Share

Menemukan Yodas dan Gaffin

Pukul 00.59 dini hari, kabut tebal menerjang pandangan. Udara yang dingin menghasilkan bulir-bulir basah seluruh isi hutan. Tebal jaket tidak melindungi mereka dari suhu yang semakin ekstrem. Di tengah gigil yang mendera, Nick berusaha melawan dingin dan bersikap biasa saja. Sesekali jemarinya mengusap layar yang lembab, sinar matanya menyala, seulas senyum pun melengkung di bibirnya yang eksotis. Semua anggota dapat menebak, apa yang akan dikatakan olehnya karena mereka juga melihat apa yang ada di layar ponsel.

Manik mereka jatuh pada objek yang ada di depan, sebuah gua yang ditumbuhi rumput.  Kabut putih di hamparan malam yang pekat membuat penampilan gua itu seperti rumah hantu. Dahi Nick mengernyit. Untuk apa Yodas berada di dalam sana? Nick mengajak teman-teman untuk masuk ke sana melalui bahasa mata. Tidak ada yang membantah, mereka semua mengangguk. Sampai di mulut gua, Nick mengisyaratkan mereka untuk berhenti. Seekor piton raksasa melintas, menghalangi jalan. Mereka mematung, membiarkan ular besar sepanjang dua meter itu mencapai tujuannya. Mehmet memejamkan mata dengan mulut tetap terkunci ketika reptil itu melindas sepatunya.

Setelah beberapa saat menahan napas dan kecemasan, lelaki berusia dua puluh satu tahun itu akhirnya menyentak napas lega melihat tubuh ular telah sempurna masuk ke dalam semak di pinggiran dinding gua bagian luar. Mereka meneruskan langkah yang terhenti. Berbekal senter di kepala, mereka menyorot setiap sudut dengan cahaya putih yang ada hingga tampaklah kristal-kristal berkerucut yang menghiasi langit-langit dan bebatuan berbagai macam ukuran menghias ruang yang sangat lembab itu. Nick menyapu seluruh sudut, matanya dihadiahi sebuah kejutan yang meremas tulang dada.

“Gaffin!” Nada suara Nick berada di tingkat paling tinggi, semua mata mengarah ke tempat di mana pandangan Nick telah terpaku. Mereka terbelalak melihat Gaffin tergeletak dengan tubuh polos terlentang.

“Gaffin!” Mereka bersuara dengan serempak kemudian berlari ke arah bebatuan besar yang menjadi kasur untuk tidur teman mereka.

Mereka syok mengetahui kenyataan bahwa Gaffin telah meninggalkan mereka untuk selamanya. Nick dan semua orang memandang hancur jasad Gaffin yang tidak karuan. Isakan kecil terdengar lirih di kerongkongan Nick, tiba-tiba pemuda berparas tegas itu dihinggapi rasa bersalah. Ia harus menanggung dosa atas menghilangnya nyawa pemuda yang sudah menjadi sahabatnya sejak kecil. Seketika ingatannya mengembara ke masa lalu.

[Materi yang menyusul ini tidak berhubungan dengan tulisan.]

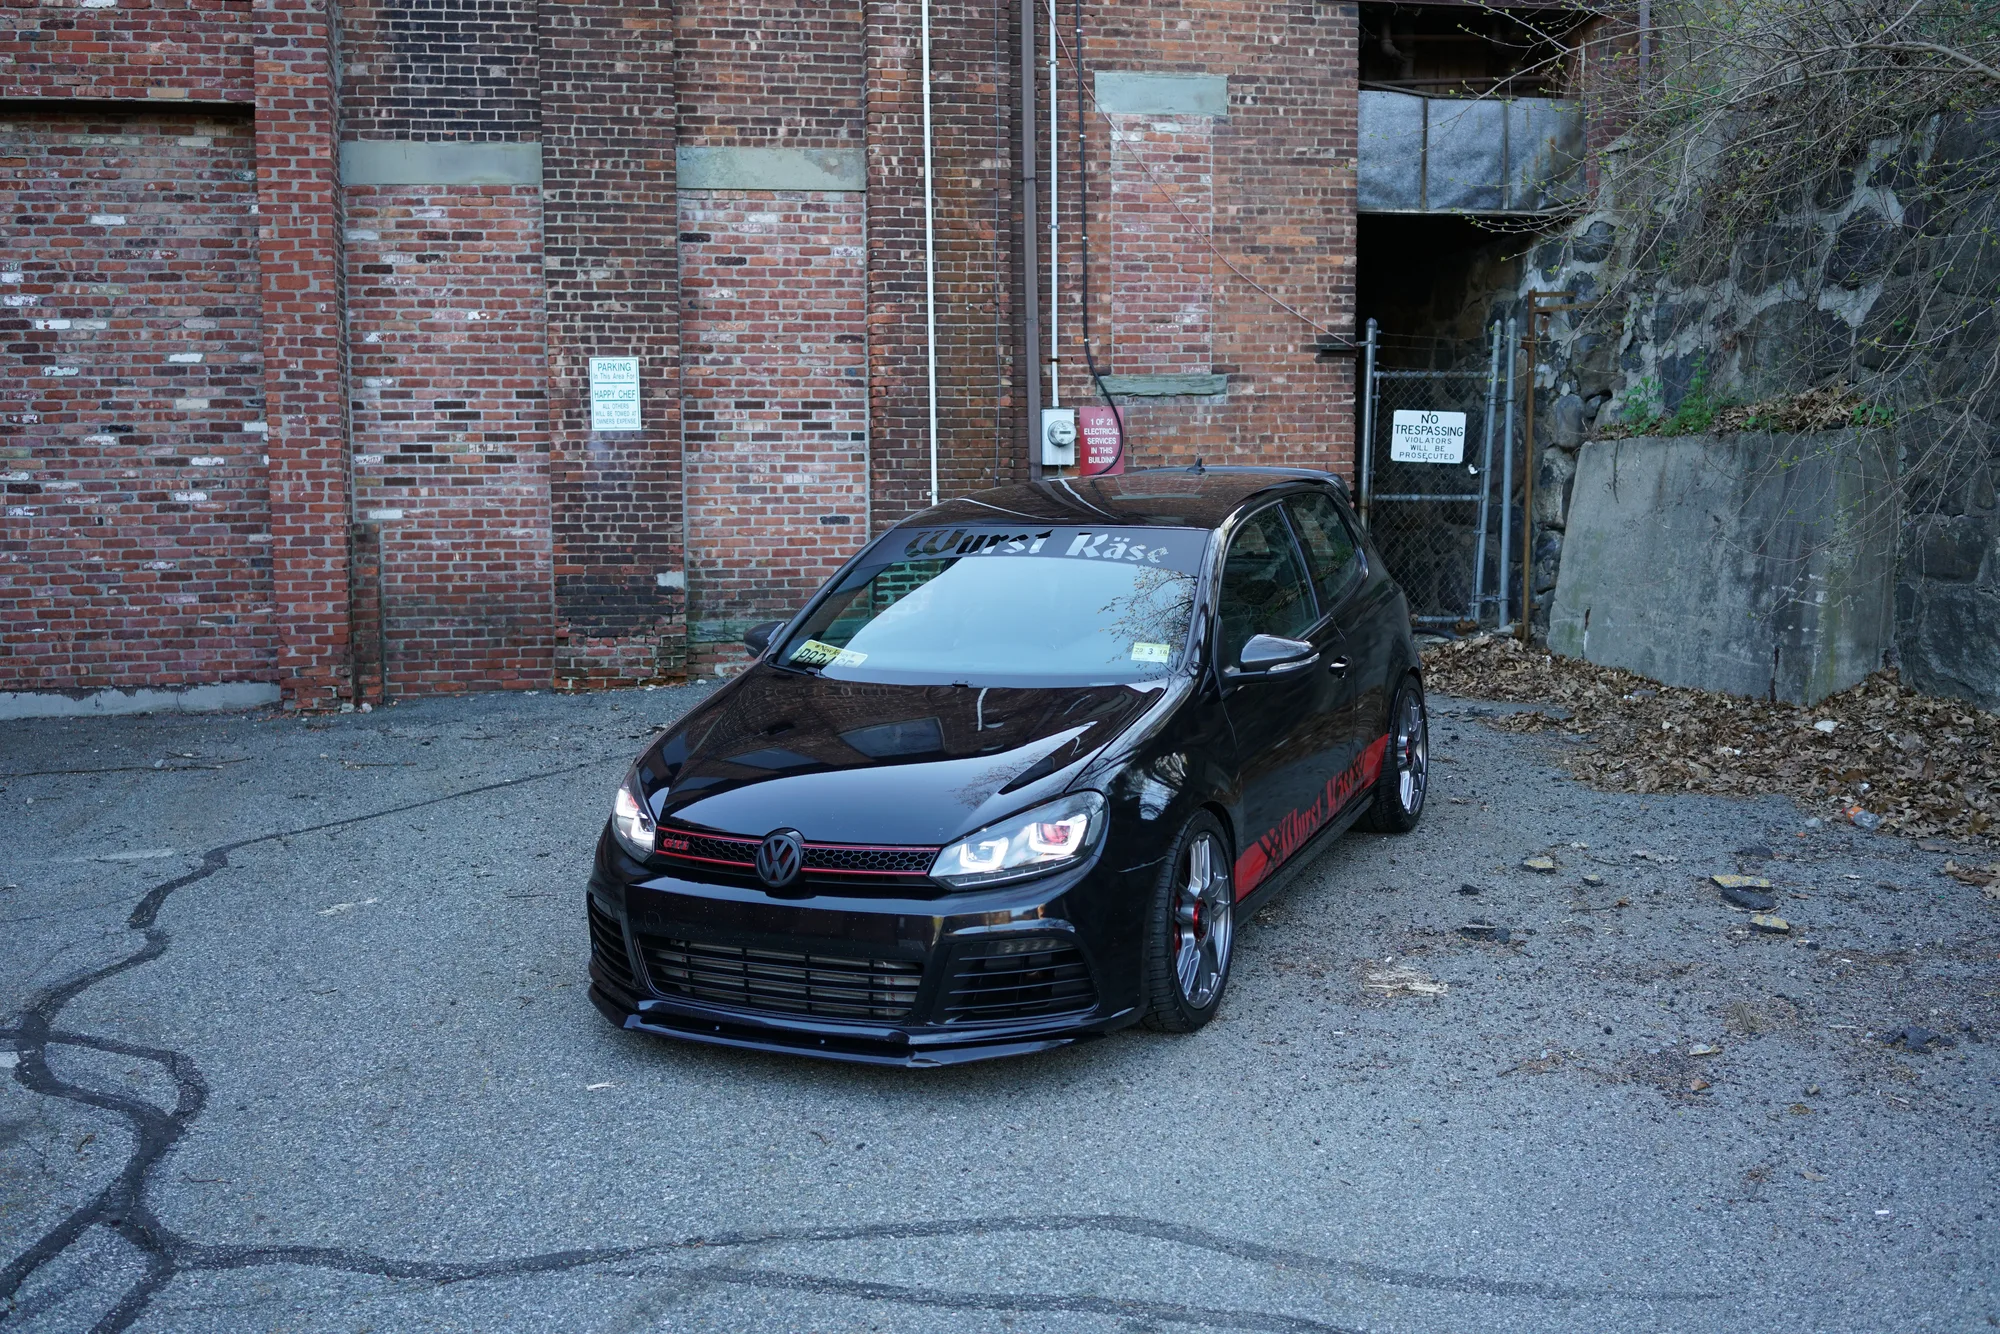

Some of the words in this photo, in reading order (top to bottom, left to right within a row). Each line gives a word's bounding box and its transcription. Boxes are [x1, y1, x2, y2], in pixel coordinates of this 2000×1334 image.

[597, 362, 632, 371] PARKING
[594, 390, 616, 399] HAPPY
[618, 390, 636, 398] CHEF
[1421, 414, 1439, 424] NO
[1395, 424, 1463, 437] TRESPASSING
[1087, 437, 1116, 445] SERVICES
[1405, 436, 1452, 445] VIOLATORS
[1410, 444, 1428, 452] WILL
[1399, 451, 1455, 460] PROSECUTED
[904, 528, 1054, 558] Wurst
[1065, 532, 1169, 564] Käse
[663, 838, 690, 851] GTI

“Nick, apa kau tidak apa-apa?” Gaffin memberikan uluran tangannya setelah membersihkan kedua kaki Nick yang berdarah. Nick kecil bergeming, menyembunyikan wajahnya di paha.

“Kenapa kau menolongnya, Gaffin? Awas, aku akan memberi hadiah untuk anak miskin itu?” Seorang teman sekelas mereka berujar dengan membawa sebotol air yang diambil dari comberan dan bergegas menghampiri Nick yang masih duduk menekuk lutut. Tapi dengan sigap, botol yang sudah di atas kepala Nick berhasil direbut oleh Gaffin.

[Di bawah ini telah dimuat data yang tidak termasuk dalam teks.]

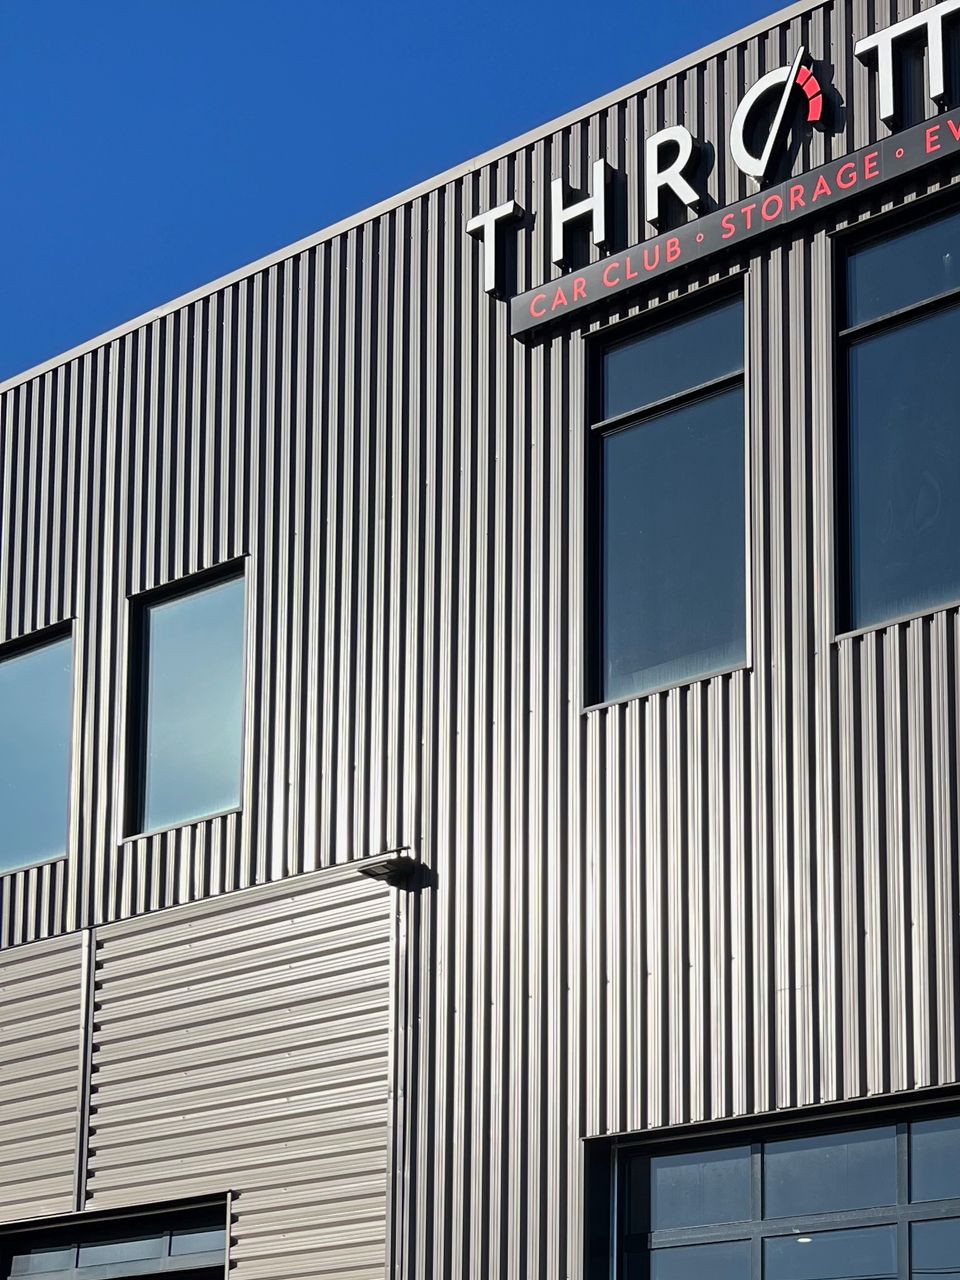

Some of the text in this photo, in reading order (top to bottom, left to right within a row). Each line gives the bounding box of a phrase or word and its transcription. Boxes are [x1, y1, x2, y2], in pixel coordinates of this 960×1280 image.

[529, 277, 587, 318] CAR
[602, 238, 681, 288] CLUB
[721, 151, 880, 239] STORAGE

“Rasakan ini Jimmy, kau tidak akan bisa melakukannya pada temanku.” Gaffin menuangkan air super bau itu ke kepala Jimmy tanpa ragu.

“Gaffin, kau jahat! Awas kau, aku akan memberitahu ayahku tentangmu dan juga anak miskin itu!!” Jimmy berkata dengan ekspresi sangat marah, teman-teman Jimmy yang juga suka menghina ikut melotot, takut jika Gaffin akan melakukan hal yang sama pada mereka.

“Dasar pengadu! Laporkan saja sana, aku tidak takut. Awas saja kalau kalian masih mengganggu Nick, akan aku luluri kalian dengan kotoran babi.” Gaffin berteriak sembari berkacak pinggang, Jimmy dan teman-temannya pun pergi.

“Ayo, ikut denganku. Mereka sudah pergi.” Nick mengangkat kepalanya, melihat senyum yang melingkar di wajah bulat Gaffin.

“Terima kasih!” kata Nick tanpa ekspresi.

“Mulai sekarang kau jangan takut, ada aku. Mereka tidak akan pernah mengganggumu lagi!” Gaffin menggenggam tangan Nick kemudian anak-anak berusia sembilan tahun itu saling melempar senyum.

Sejak saat itulah, persahabatan di antara mereka tercipta. Bagi Nick, Gaffin bukan hanya seorang sahabat yang menyayanginya dengan tulus, tetapi dia seperti sosok ayah yang selalu melindunginya dari anak-anak nakal hanya karena dia seorang anak yang miskin. Nick menangis sambil memeluk jasad Gaffin. Teman-teman yang lain mengelus bahu Nick, perasaan mereka sama hancurnya.

“Yodas! Joe!” Tiba-tiba Nick teringat dengan mereka berdua.

“Tenang Nick, jangan berpikiran macam-macam. Ayo kita cari mereka!” kata Mehmet. Nick mengambil selembar kain di ranselnya kemudian membentangkannya ke tubuh Gaffin.

Dari pantauan di layar ponsel, keberadaan Yodas berjarak beberapa meter lagi. Mereka masuk ke salah satu lorong. Sialnya, bukannya semakin dekat malah mereka semakin jauh dari titik. Dengan semangat yang masih tersisa, mereka menyusuri semua lorong. Akan tetapi, mereka hanya menemukan genangan air dan berbagai macam hewan penyuka lembab. Lelah mendera, Youvee dan yang lainnya mengusulkan agar mereka kembali, tetapi Nick menolak usulan itu, pemuda setinggi 178 cm itu bersikeras untuk maju. Setelah melalui perdebatan panjang, Nick akhirnya mau mengesampingkan egonya. Dan mereka kembali ke lorong utama gua dengan membawa harapan yang hampir musnah.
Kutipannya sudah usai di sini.